§ **Images for object localization**:
+++

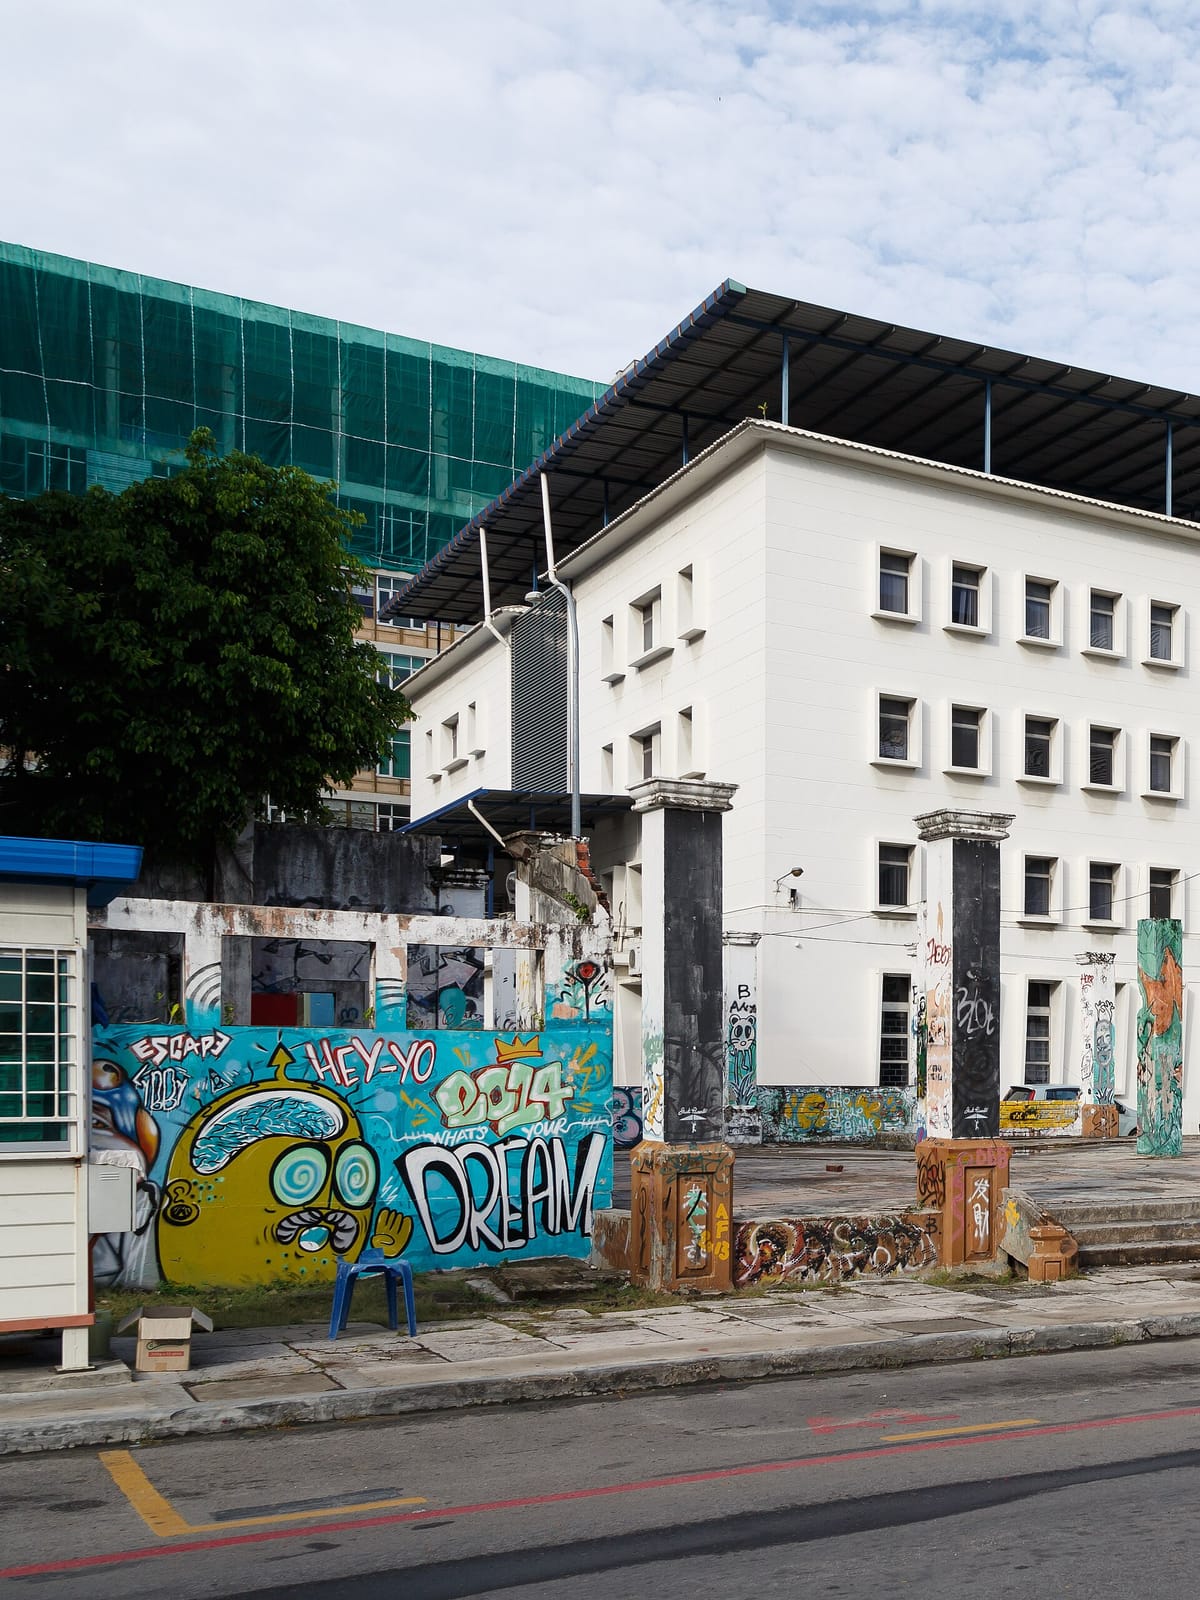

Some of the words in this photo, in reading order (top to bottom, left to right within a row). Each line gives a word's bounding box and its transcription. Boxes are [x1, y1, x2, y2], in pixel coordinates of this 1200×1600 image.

[304, 1036, 437, 1087] HEY-YO
[430, 1061, 576, 1136] 2014
[430, 1125, 489, 1145] WHAT'S
[521, 1117, 569, 1140] YOUR
[393, 1131, 608, 1255] DREAM
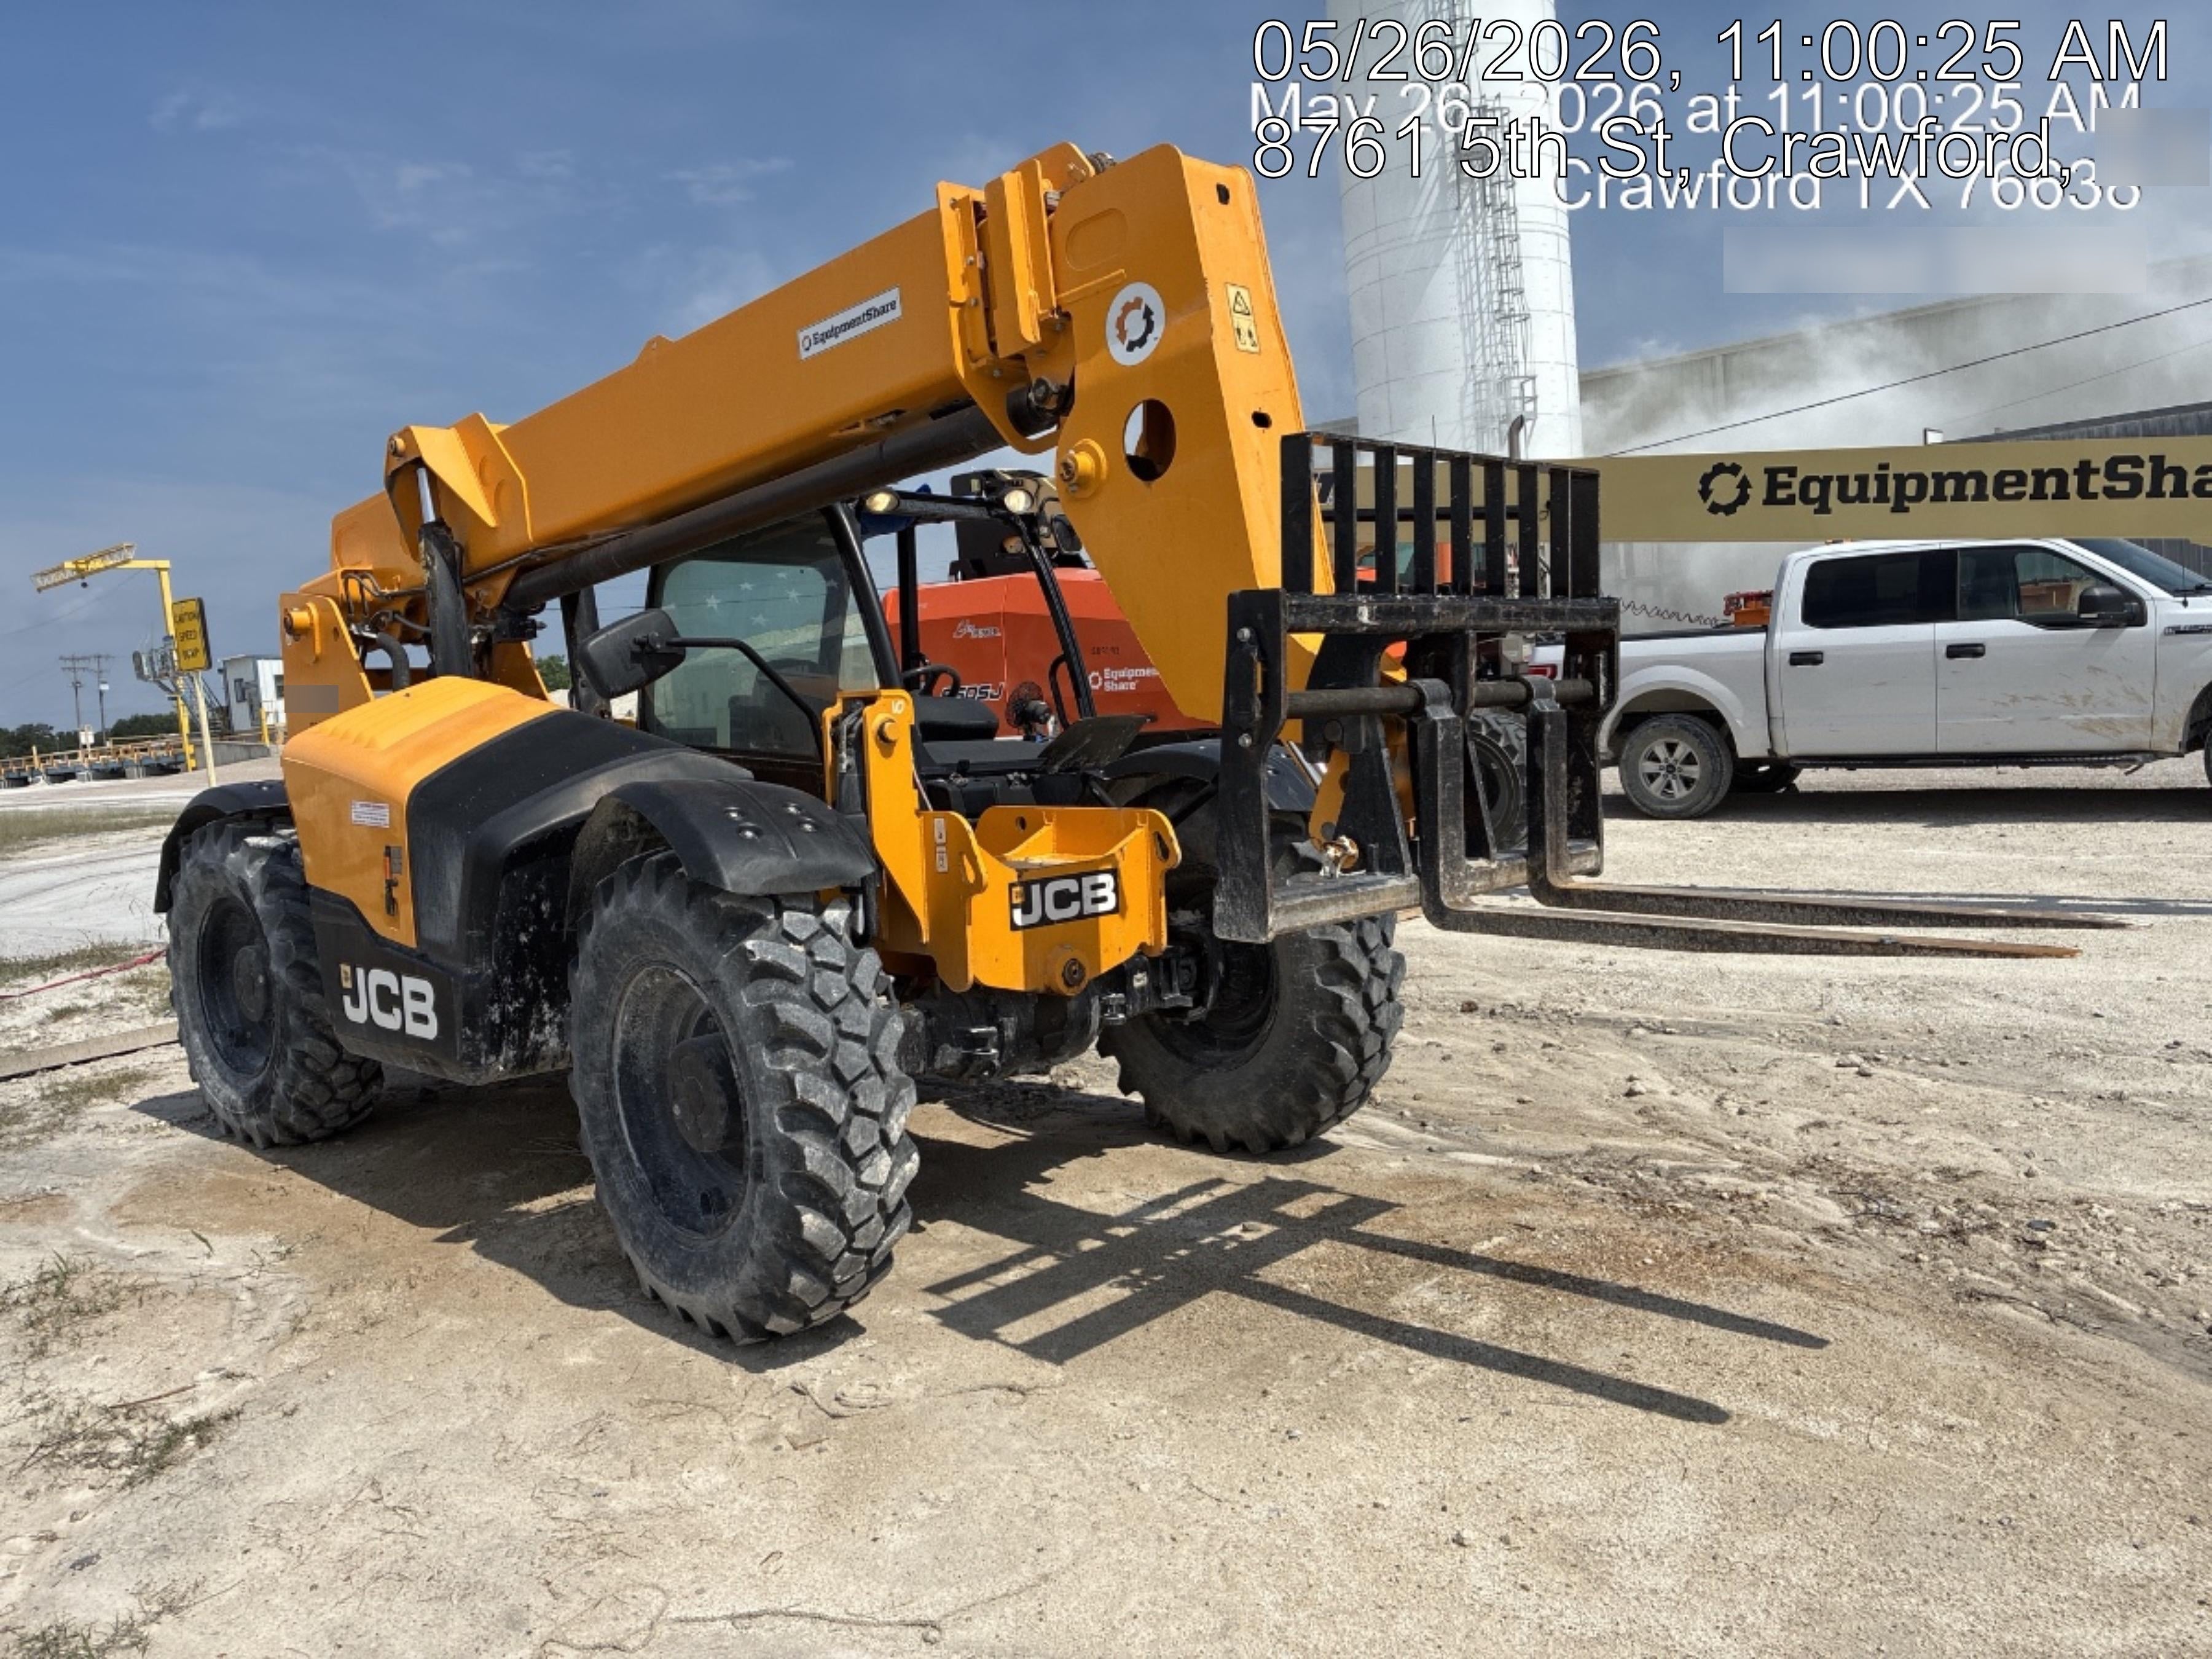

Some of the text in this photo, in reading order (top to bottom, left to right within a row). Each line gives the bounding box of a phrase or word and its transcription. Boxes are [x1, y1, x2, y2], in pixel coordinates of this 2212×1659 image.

[812, 299, 896, 345] EquipmentShare
[1104, 667, 1160, 680] Equipmen
[1104, 680, 1136, 692] Share
[1013, 873, 1116, 927] JCB
[342, 967, 437, 1040] JCB

+++

§ **Instructions to follow**: What is needed is an exact copy of every record above, minus the images.

§ **Response to this task**:
Some of the words in this photo, in reading order (top to bottom, left to right within a row). Each line gives a word's bounding box and its transcription. Boxes are [x1, y1, x2, y2], in pixel coordinates of this 1200×1600 image.

[304, 1036, 437, 1087] HEY-YO
[430, 1061, 576, 1136] 2014
[430, 1125, 489, 1145] WHAT'S
[521, 1117, 569, 1140] YOUR
[393, 1131, 608, 1255] DREAM

Some of the text in this photo, in reading order (top to bottom, left to right within a row). Each line gives the bounding box of a phrase or word and its transcription. Boxes are [x1, y1, x2, y2], in pixel coordinates of this 2212×1659 image.

[812, 299, 896, 345] EquipmentShare
[1104, 667, 1160, 680] Equipmen
[1104, 680, 1136, 692] Share
[1013, 873, 1116, 927] JCB
[342, 967, 437, 1040] JCB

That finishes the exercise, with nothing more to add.